29: ¡Un Asiento Especial Para Un Omega Especial!
Mientras tanto, Elías estaba sentado en su habitación, con el teléfono apretado en la mano, mirando fijamente el mensaje que le había enviado a Jace.
«Todo lo que necesito es un hospital privado», pensó.
«Algún lugar donde Viktor no pueda encontrar a mi hermana aunque venga por mi vida por haberle mentido».
La familia Drago poseía la mitad de la ciudad…
hospitales, edificios, incluso las calles.
Pero Jace había accedido a ayudar, a pesar de todo.
Elías no sabía por qué confiaba en él de repente.
Confiar en el mismo tipo que lo había empujado contra los casilleros y lo había insultado durante un año.
«Supongo que es porque no tengo a nadie más», admitió, con dolor en el pecho.
La escuela era una nebulosa de aislamiento, los gemelos eran sus únicos amigos reales, y Gerald una figura paterna que tendría que dejar atrás.
Recordó la aplicación de emparejamiento, el mensaje que ofrecía un millón para concebir un heredero.
Le había asustado, pero la desesperación persistía.
Sabía que ese millón podría cambiarlo todo.
Sacó su teléfono y abrió la aplicación, mirando fijamente el perfil.
El mensaje seguía allí:
“Te diré quién soy, pero acepta mis condiciones.
El pago es más que suficiente…
lo único que quiero es que concibas a mi heredero.
Esperaré hasta que estés listo.”
Lo había rechazado…
y a los otros cuatro…
pero las palabras se le habían quedado grabadas.
«¿Un heredero?
Eso no es normal.
Tal vez sea falso.
Una forma de secuestrar Omegas».
Cerró la aplicación, cerrando su libro de golpe, con frustración burbujeando.

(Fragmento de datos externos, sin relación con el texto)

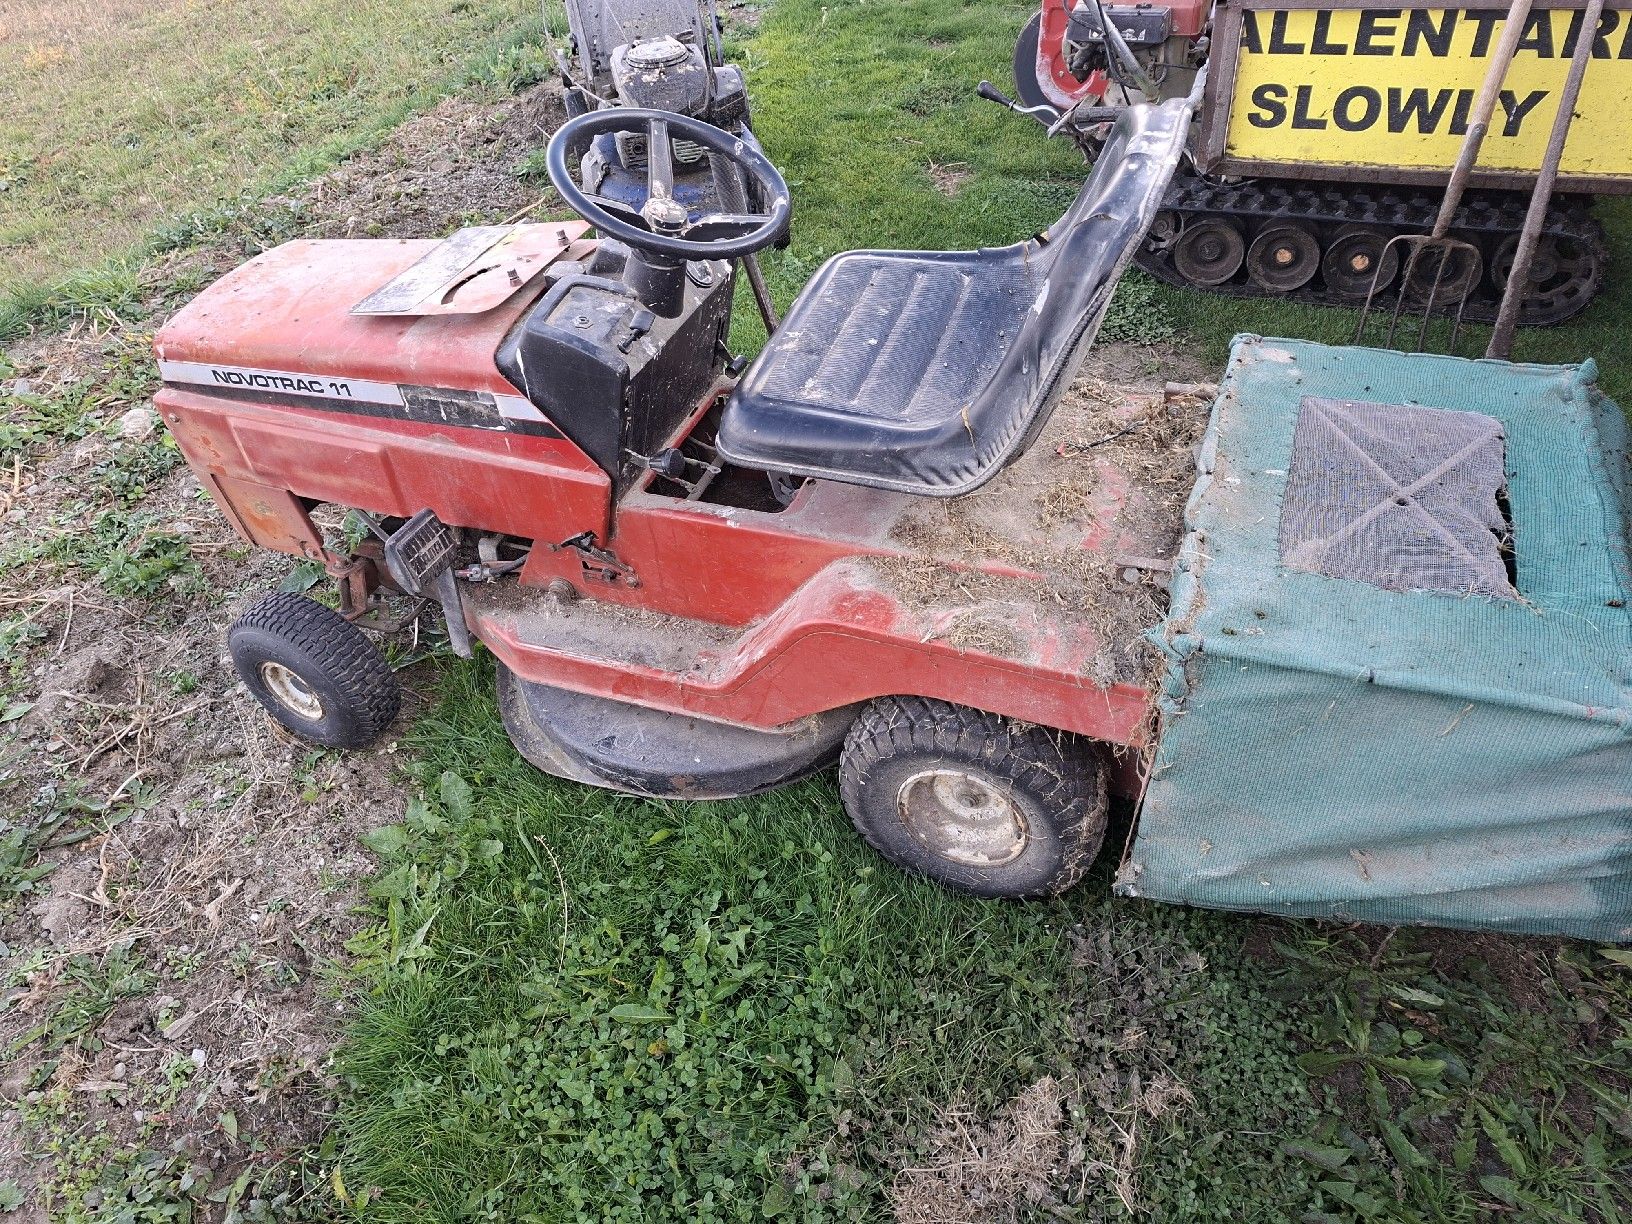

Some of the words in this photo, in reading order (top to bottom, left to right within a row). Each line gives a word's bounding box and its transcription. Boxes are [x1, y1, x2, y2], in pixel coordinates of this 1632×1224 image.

[1247, 83, 1550, 137] SLOWLY
[211, 369, 325, 393] NOVOTRAC
[329, 382, 352, 397] 11

La casa finalmente estaba tranquila después del día de cuidados corporales; los gemelos se habían dormido temprano, los profesionales del spa se habían marchado, y la mansión se sentía vacía.
Salió de su habitación, deambulando hacia la cocina.

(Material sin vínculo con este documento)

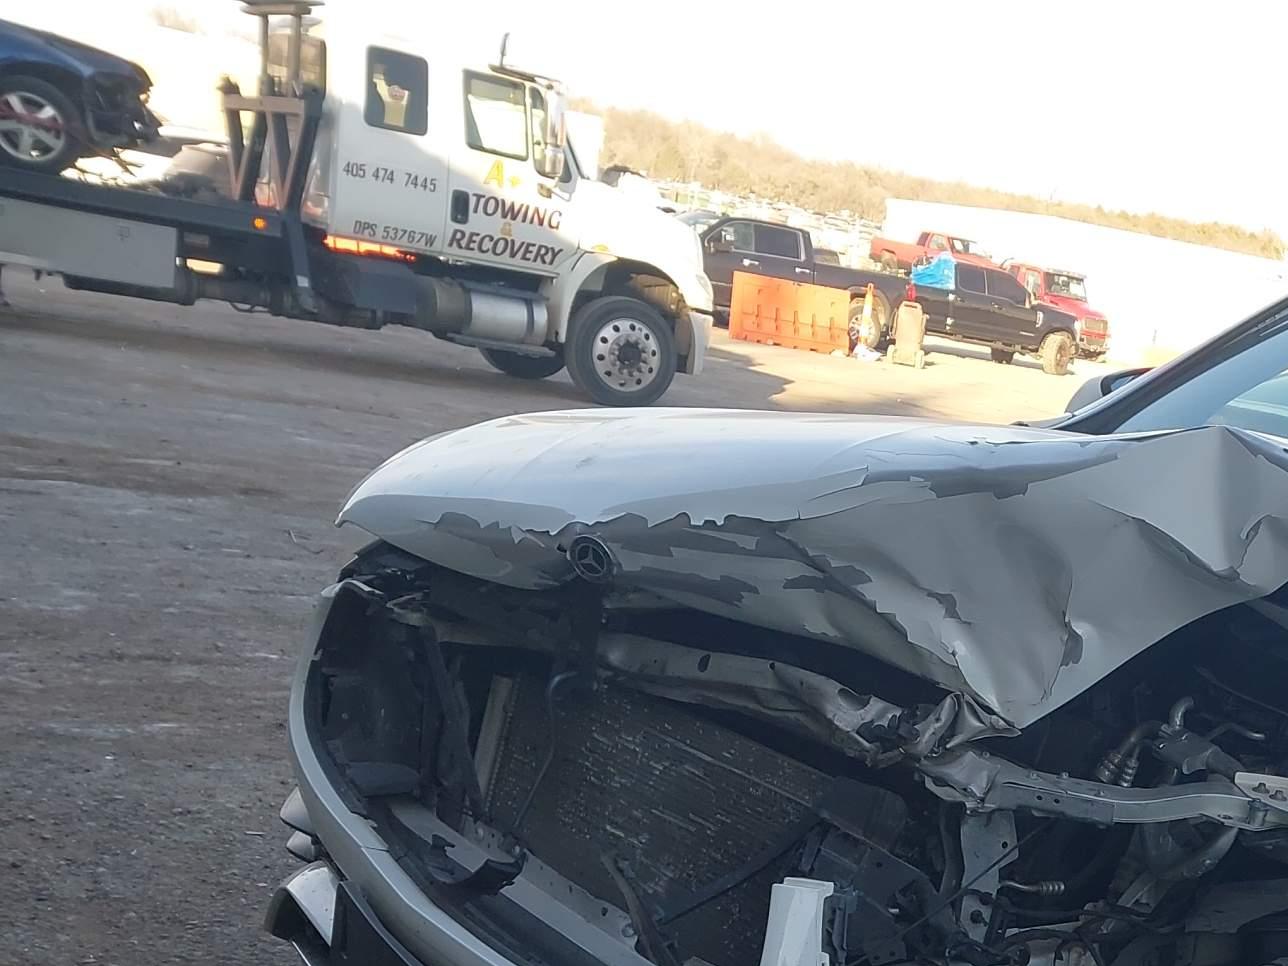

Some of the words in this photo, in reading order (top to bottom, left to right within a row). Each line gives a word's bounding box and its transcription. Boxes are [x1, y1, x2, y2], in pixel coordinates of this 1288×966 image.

[342, 161, 367, 179] 405
[372, 167, 394, 185] 474
[404, 172, 437, 193] 7445
[472, 193, 563, 229] TOWING
[353, 220, 378, 238] DPS
[448, 229, 564, 266] RECOVERY

Milo estaba allí, como siempre, pero Luka estaba sentado en la barra, bebiendo una extraña bebida verde, con el rostro torcido de disgusto.

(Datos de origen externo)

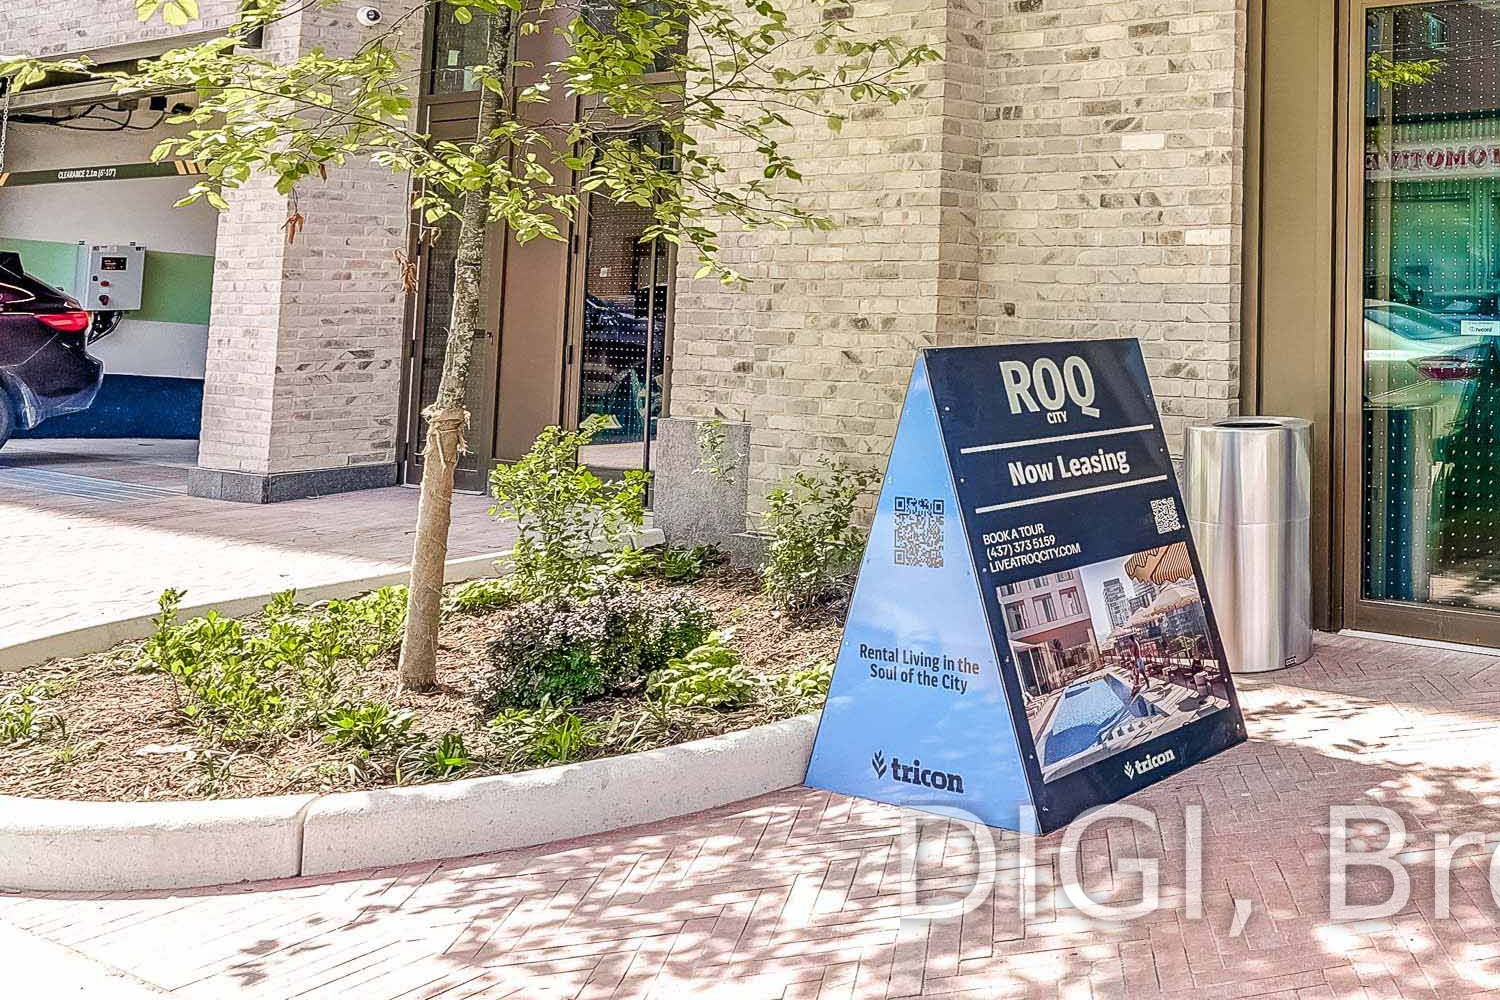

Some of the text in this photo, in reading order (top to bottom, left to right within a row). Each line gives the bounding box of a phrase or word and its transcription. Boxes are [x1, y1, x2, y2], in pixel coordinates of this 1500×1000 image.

[999, 355, 1100, 418] ROQ
[1046, 410, 1068, 424] CITY
[1008, 448, 1131, 487] Now Leasing
[983, 523, 1046, 545] BOOK A TOUR
[987, 534, 1056, 560] (437) 373 5159
[989, 542, 1082, 573] LIVEATROQCITY.COM
[859, 643, 980, 675] Rental Living in the
[870, 663, 968, 695] Soul of the City
[891, 757, 964, 794] tricon
[1134, 749, 1176, 775] tricon

Luka vio a Elías y levantó la mano como un niño.
—¡Hey!
Por fin alguien normal con quien hablar.
Elías se sentó a su lado, mirando la bebida.
—¿Qué demonios es ese desastre burbujeante?
Luka hizo una mueca, apartando el vaso.
—¡Ja!
Perdí una apuesta con los niños.
Me hicieron beber esta…
mezcla.
Todo lo que agarraron del refrigerador.
Elías apretó su cara, con arcadas.
—¿Eso tiene huevo?
Luka asintió, fingiendo una lágrima.
—Eso es asqueroso.
¿Vas a estar bien?
Luka se rio, pero sonaba forzado.
—Apenas.
Son tan despiadados como su padre.
¿Verdad?
Elías tragó con dificultad ya que no quería hablar de Viktor.
Intentó ponerse de pie para marcharse pero Luka lo atrapó antes de que pudiera levantarse.
—¡Espera!
Tengo algo para ti.
Elías se quedó inmóvil mientras Luka se inclinaba, susurrando:
—Felicitaciones por golpear a Vik antes de su compromiso.
Un movimiento muy audaz.
Elías se estremeció, recordando el momento en que su puño conectó con la mejilla de Viktor.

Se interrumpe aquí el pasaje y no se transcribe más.